The Necks Live in 2007

A friend of mine, when I mentioned the Necks to him, commented, "Oh, I listened to one of their CDs. It sounded like the Bill Evans Trio." I don't know which one it is he heard, but I know of none where they sound like that. They don't. (Unless on a certain level? No. Did I miss one?) And perhaps that's the point of the Necks. They are an acoustic piano trio that has carved their own stylistic stance outside of the piano trio tradition. Like Nik Baertsch's music they generally groove on a minimalistic cyclical feel.

Well, most of the time, anyway. On their CD Townsville (ReR Necks), recorded live in Australia in 2007, they don't really groove. They perform one long improvisation that drones and gradually builds up waves of reverberant piano undulations that have a kinship with Indian classical, particularly music for the santoor (which is a horizontally placed piano harp played with special plectrums, like the western hammered dulcimer and the Hungarian cimbalom).
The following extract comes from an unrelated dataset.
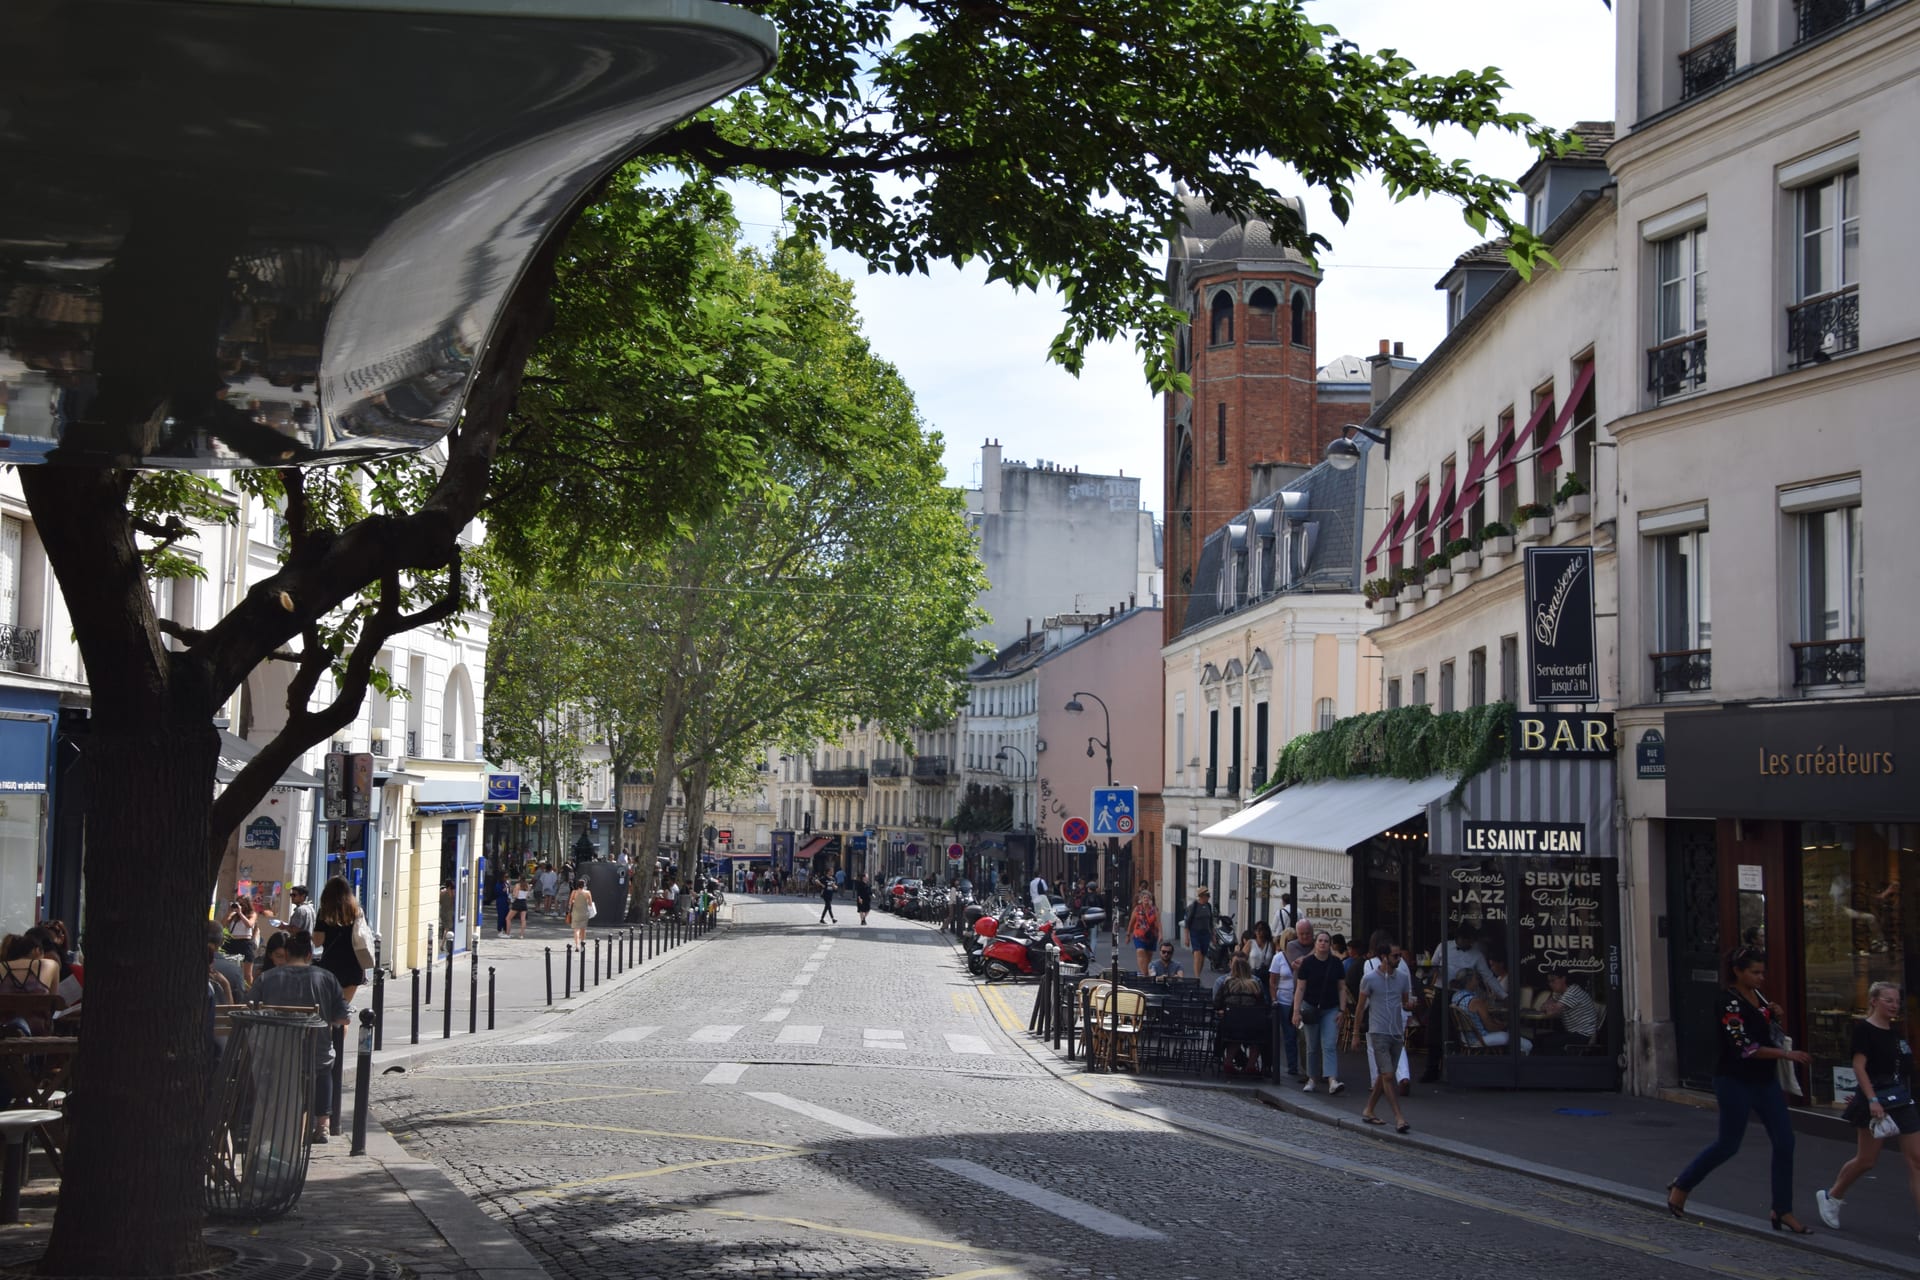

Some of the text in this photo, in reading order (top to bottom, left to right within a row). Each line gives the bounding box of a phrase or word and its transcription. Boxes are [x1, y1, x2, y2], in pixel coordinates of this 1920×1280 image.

The bass and drums support with their own timeless waves of a-rhythmic pulsation.

If you are expecting groove music, this Necks album is not the one. If you come to the music without expectations, you will be rewarded with a world of sound that's quite comfortable to live within. It's cosmic without a mood-music vapidity. Now if that sounds good to you, listen to Townsville. Then don't forget to listen to the Bill Evans Trio while you are at it. It's all good.